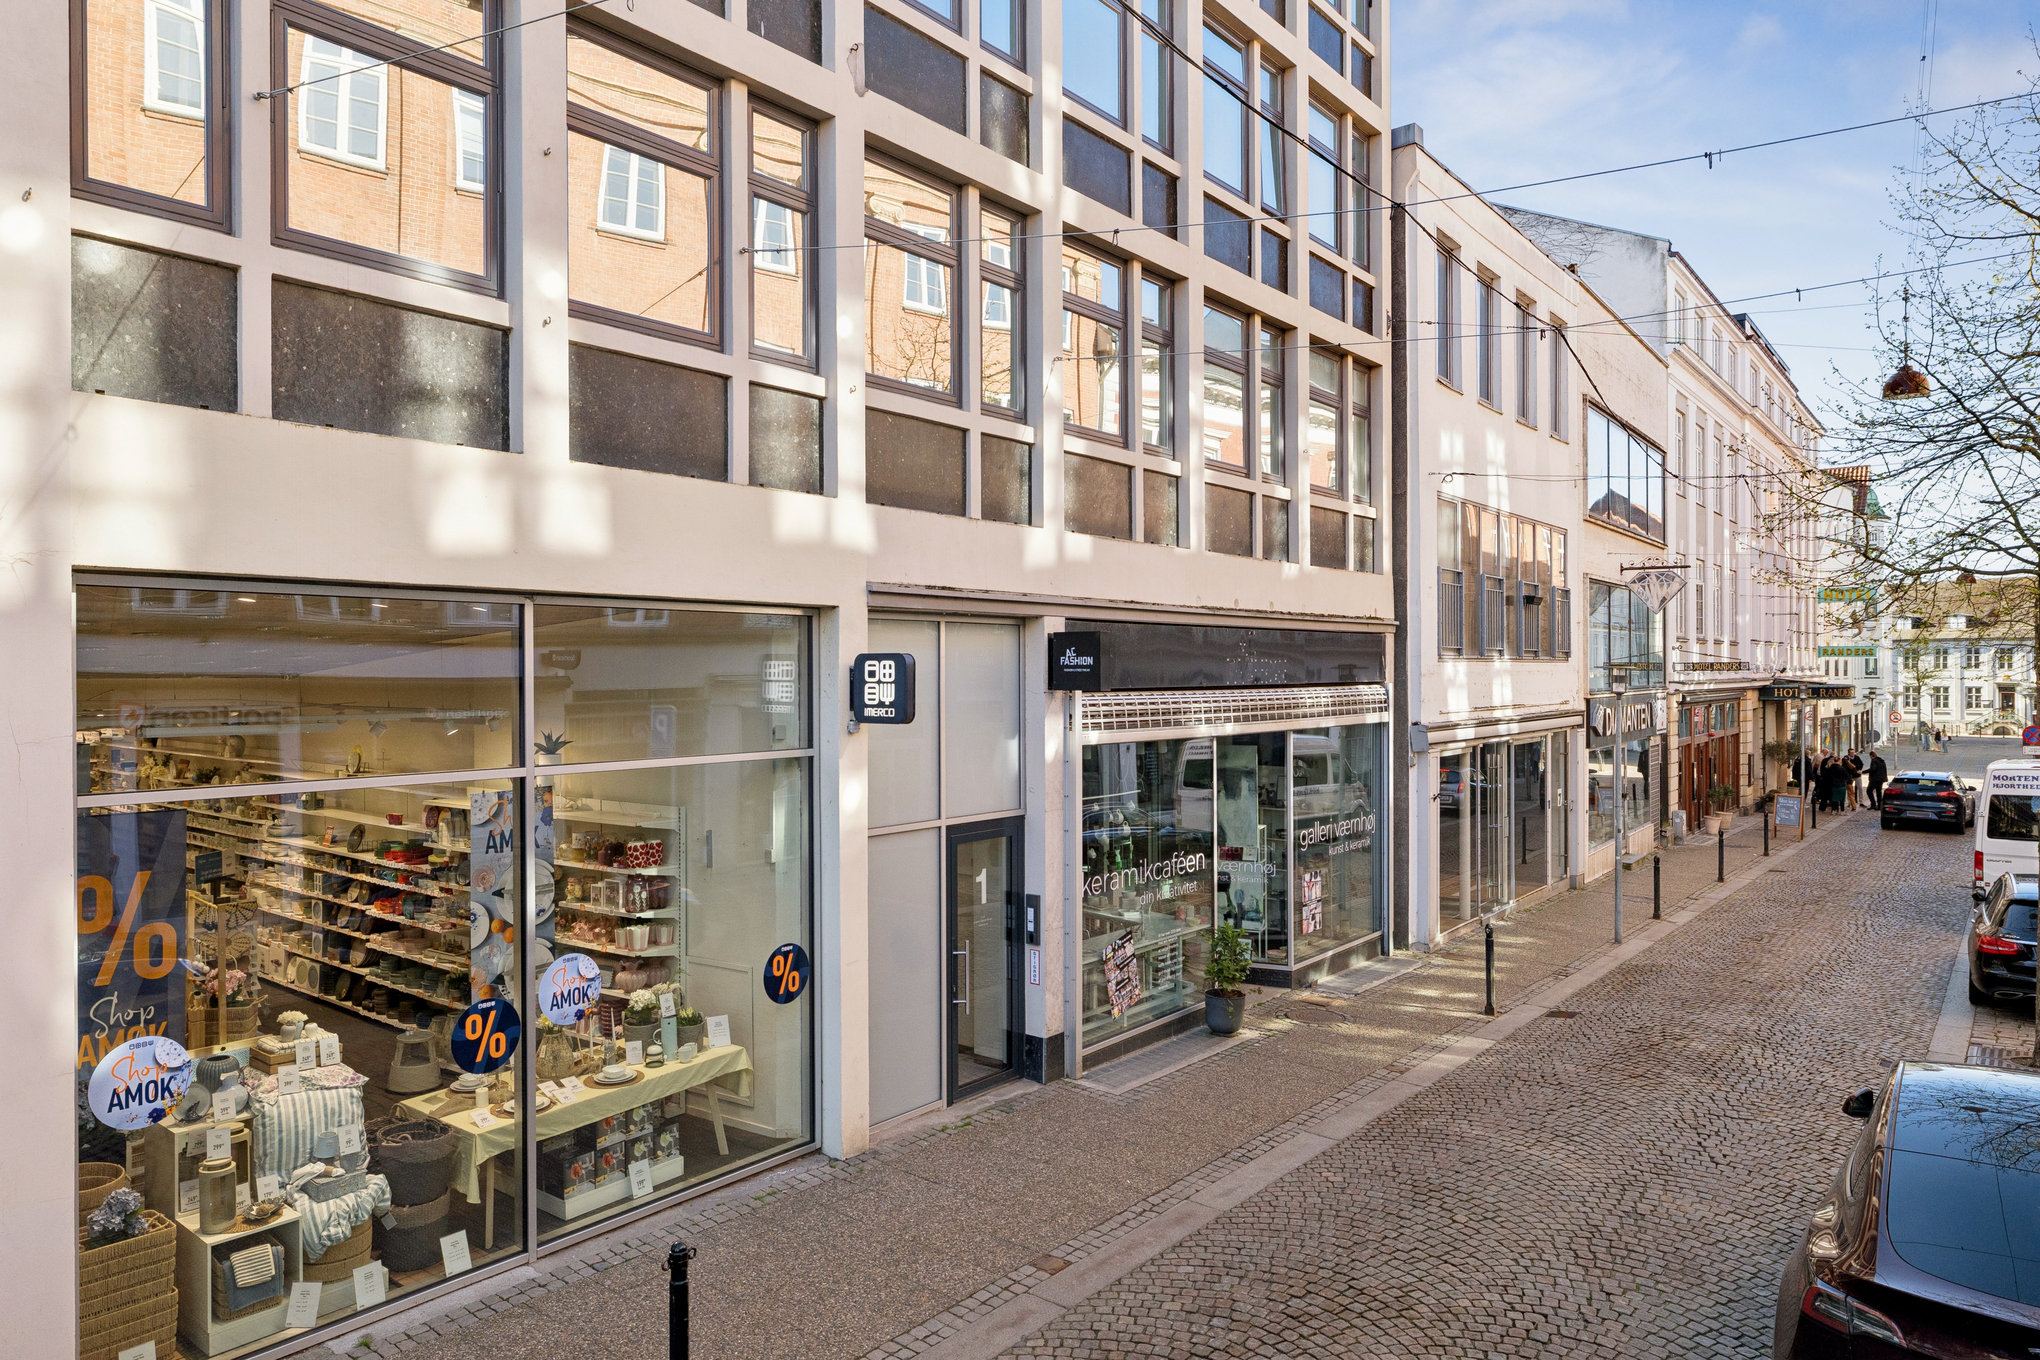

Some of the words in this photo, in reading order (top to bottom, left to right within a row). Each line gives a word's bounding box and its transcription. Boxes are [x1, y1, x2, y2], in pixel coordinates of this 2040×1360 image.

[1060, 656, 1094, 665] FASHION
[1066, 647, 1076, 657] AC
[1713, 662, 1740, 671] RANDERS
[1822, 648, 1875, 656] RANDERS
[1774, 688, 1817, 697] HOTL
[864, 707, 895, 717] IMERCO
[1606, 703, 1651, 736] DIMANTEN
[1301, 818, 1332, 852] galleri
[1334, 809, 1376, 838] værnhøj
[1329, 844, 1344, 856] kunst
[1345, 841, 1349, 852] &
[1350, 836, 1371, 851] keramik
[975, 868, 987, 905] 1
[1081, 851, 1206, 898] keramikcaféen
[551, 964, 587, 1001] Shop
[549, 984, 592, 1012] AMOK
[90, 991, 155, 1039] Shop
[111, 1050, 168, 1098] Shop
[107, 1075, 176, 1114] AMOK
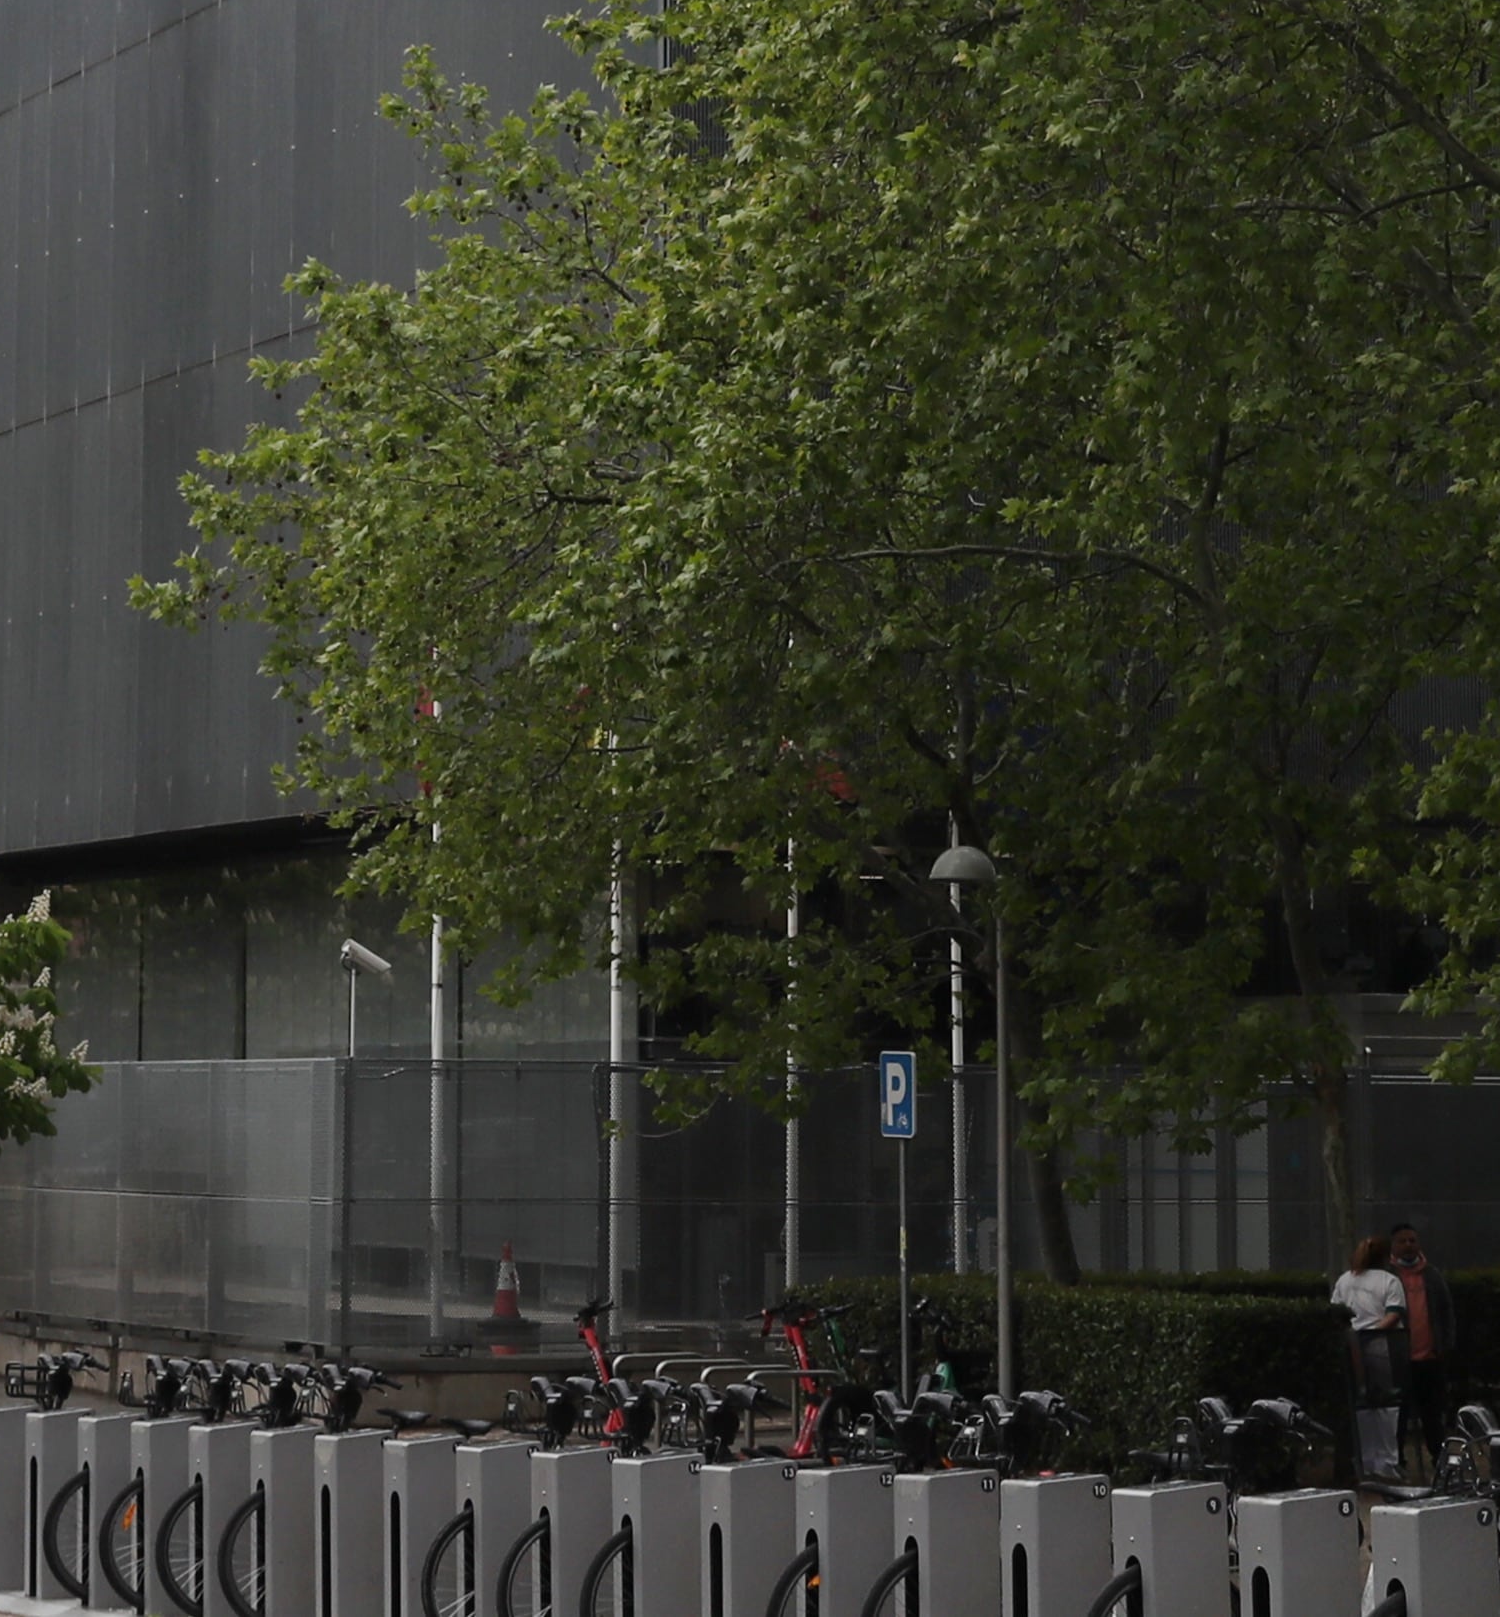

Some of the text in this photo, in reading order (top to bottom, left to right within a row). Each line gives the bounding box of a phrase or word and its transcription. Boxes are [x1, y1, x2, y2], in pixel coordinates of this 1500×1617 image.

[886, 1062, 906, 1126] P
[690, 1462, 701, 1473] 14
[784, 1467, 795, 1478] 13
[882, 1473, 893, 1484] 12
[983, 1478, 995, 1489] 11
[1094, 1484, 1106, 1497] 10
[1209, 1499, 1218, 1511] 9
[1342, 1501, 1350, 1514] 8
[1481, 1510, 1489, 1523] 7
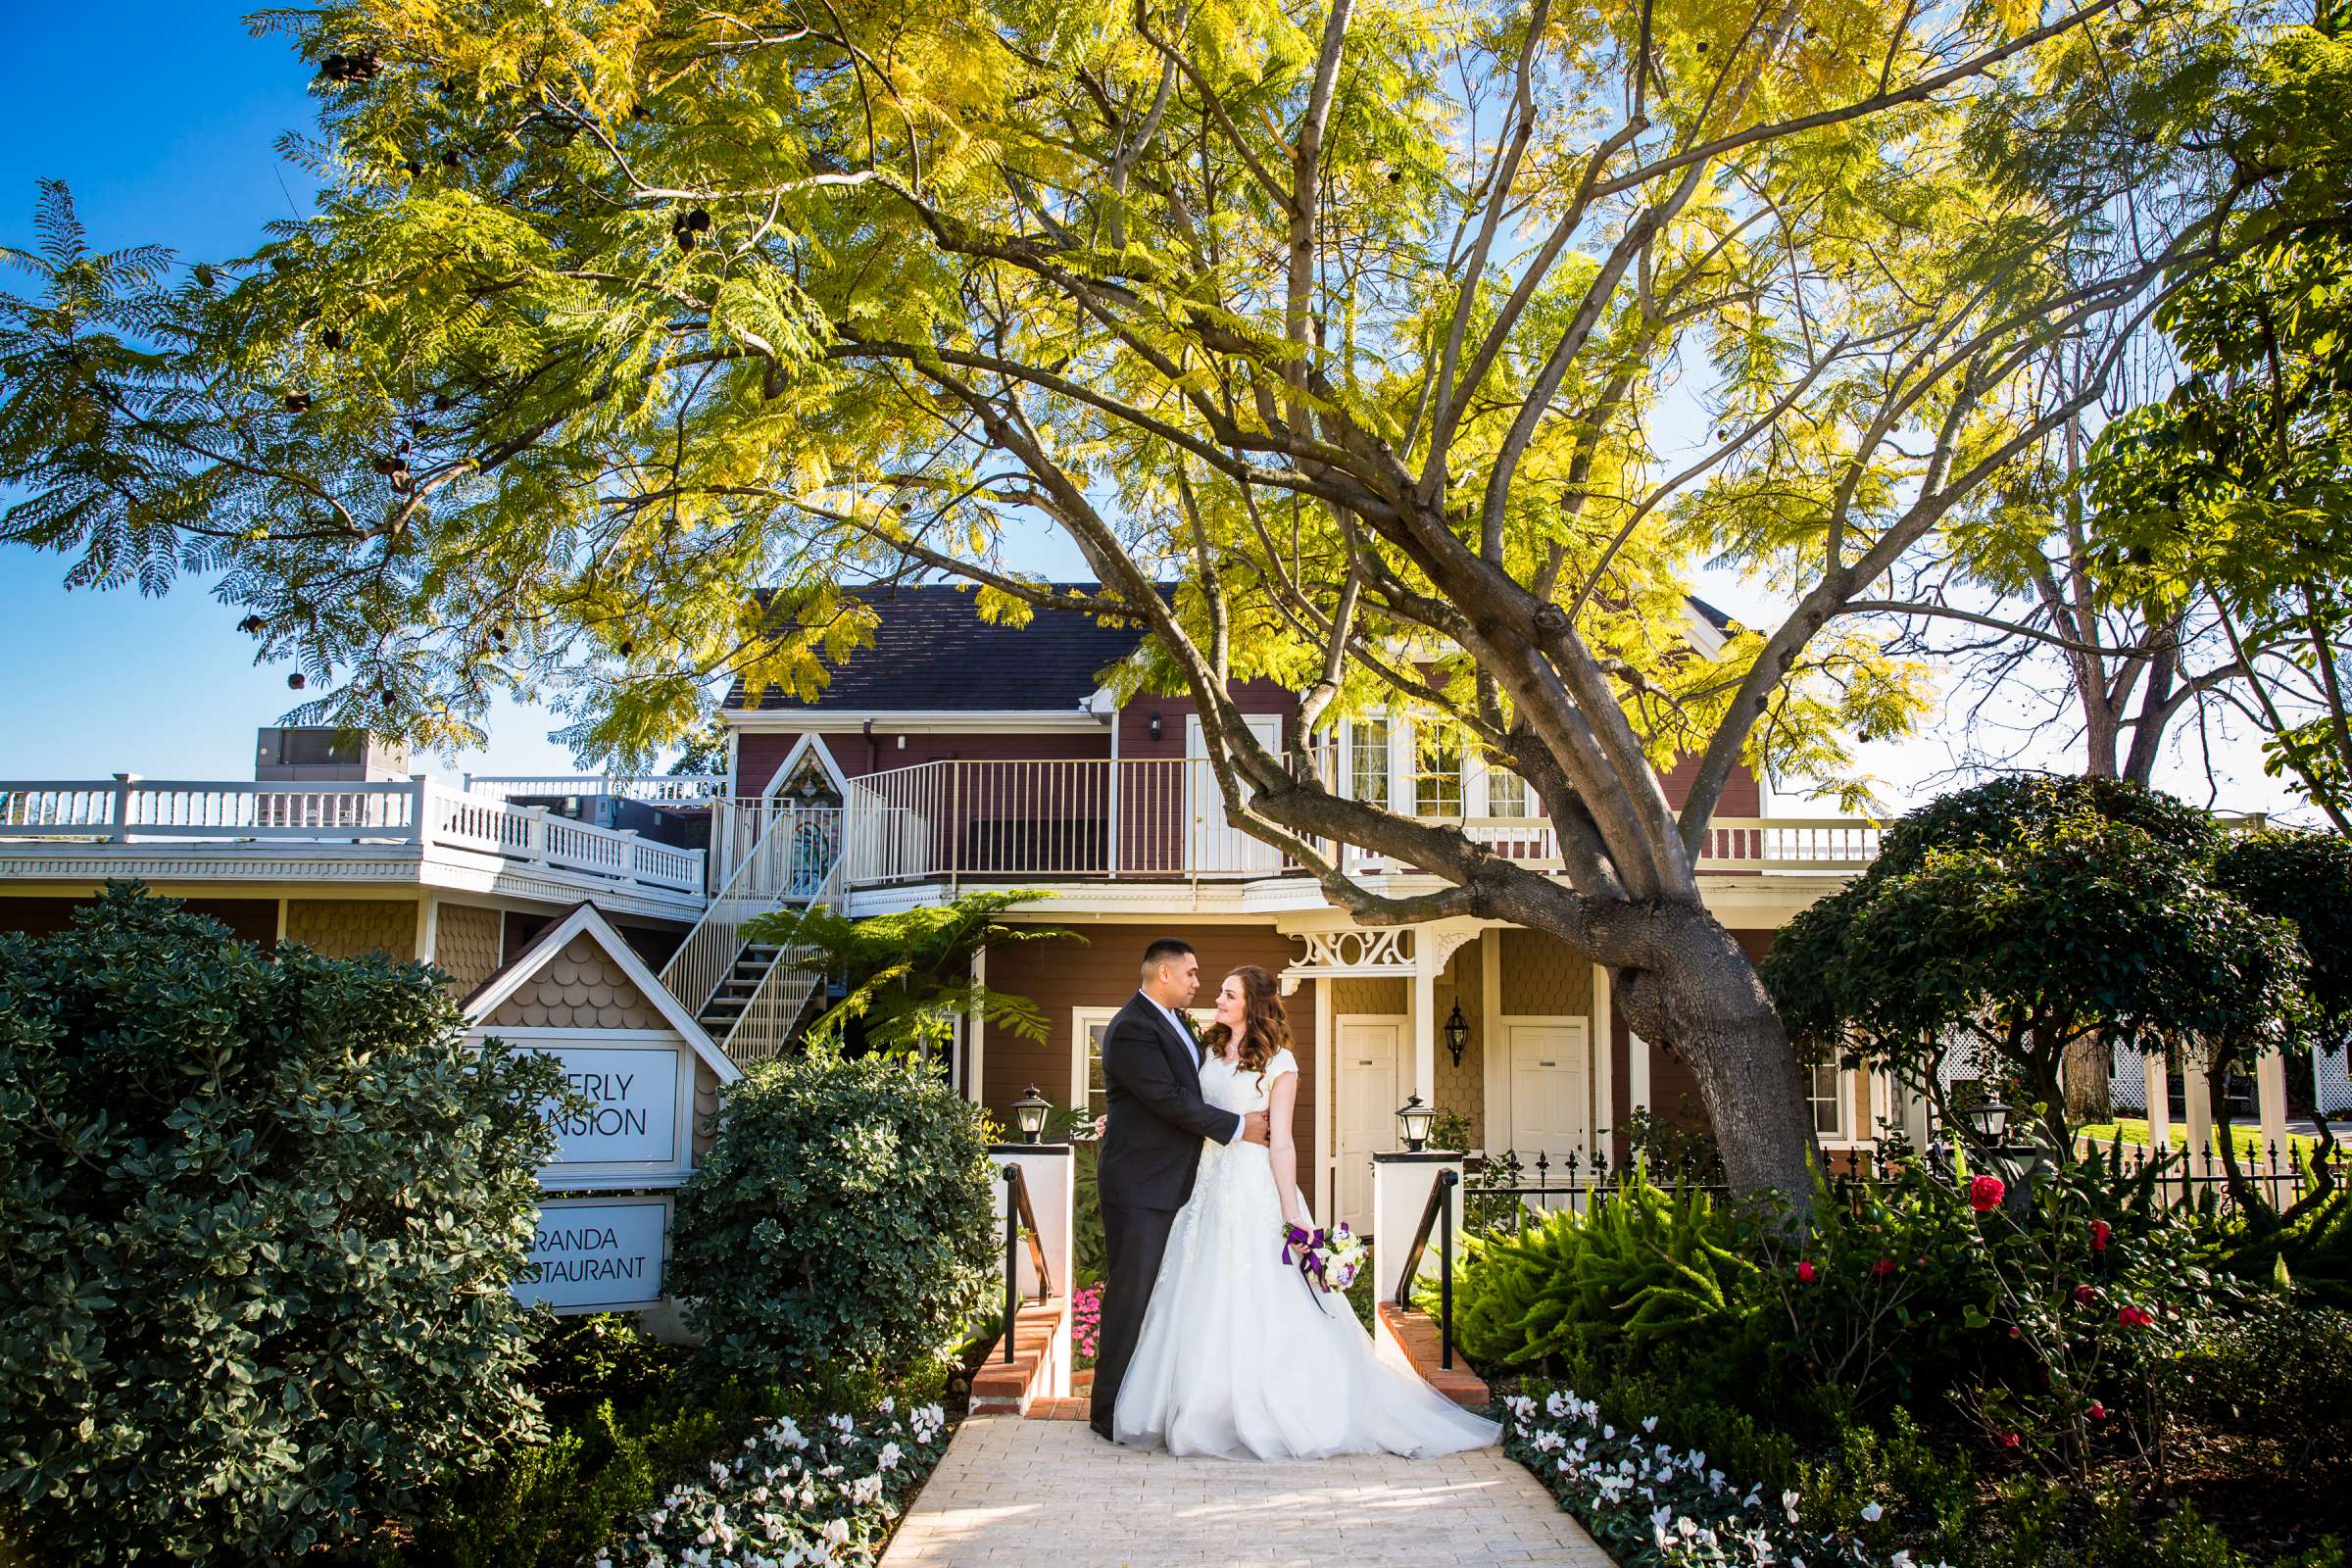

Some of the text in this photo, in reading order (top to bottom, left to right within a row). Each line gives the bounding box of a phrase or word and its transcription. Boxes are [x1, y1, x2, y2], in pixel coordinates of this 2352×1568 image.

[551, 1073, 634, 1102] ERLY
[543, 1107, 647, 1137] NSION
[532, 1227, 618, 1252] RANDA
[514, 1256, 646, 1285] STAURANT

Problem to work on: Repeat the listing exactly, pictures excluded.

Expected answer:
Some of the words in this photo, in reading order (top to bottom, left to right within a row). Each line gives a word's bounding box and its transcription. Boxes are [x1, y1, x2, y2], in pixel coordinates of this 2040×1360 image.

[1060, 656, 1094, 665] FASHION
[1066, 647, 1076, 657] AC
[1713, 662, 1740, 671] RANDERS
[1822, 648, 1875, 656] RANDERS
[1774, 688, 1817, 697] HOTL
[864, 707, 895, 717] IMERCO
[1606, 703, 1651, 736] DIMANTEN
[1301, 818, 1332, 852] galleri
[1334, 809, 1376, 838] værnhøj
[1329, 844, 1344, 856] kunst
[1345, 841, 1349, 852] &
[1350, 836, 1371, 851] keramik
[975, 868, 987, 905] 1
[1081, 851, 1206, 898] keramikcaféen
[551, 964, 587, 1001] Shop
[549, 984, 592, 1012] AMOK
[90, 991, 155, 1039] Shop
[111, 1050, 168, 1098] Shop
[107, 1075, 176, 1114] AMOK

Some of the text in this photo, in reading order (top to bottom, left to right within a row). Each line gives the bounding box of a phrase or word and its transcription. Boxes are [x1, y1, x2, y2], in pixel coordinates of this 1500×1617 image.

[886, 1062, 906, 1126] P
[690, 1462, 701, 1473] 14
[784, 1467, 795, 1478] 13
[882, 1473, 893, 1484] 12
[983, 1478, 995, 1489] 11
[1094, 1484, 1106, 1497] 10
[1209, 1499, 1218, 1511] 9
[1342, 1501, 1350, 1514] 8
[1481, 1510, 1489, 1523] 7

Some of the text in this photo, in reading order (top to bottom, left to right within a row). Each line gives the bounding box of a phrase or word and its transcription. Boxes are [x1, y1, x2, y2], in pixel coordinates of this 2352×1568 image.

[551, 1073, 634, 1102] ERLY
[543, 1107, 647, 1137] NSION
[532, 1227, 618, 1252] RANDA
[514, 1256, 646, 1285] STAURANT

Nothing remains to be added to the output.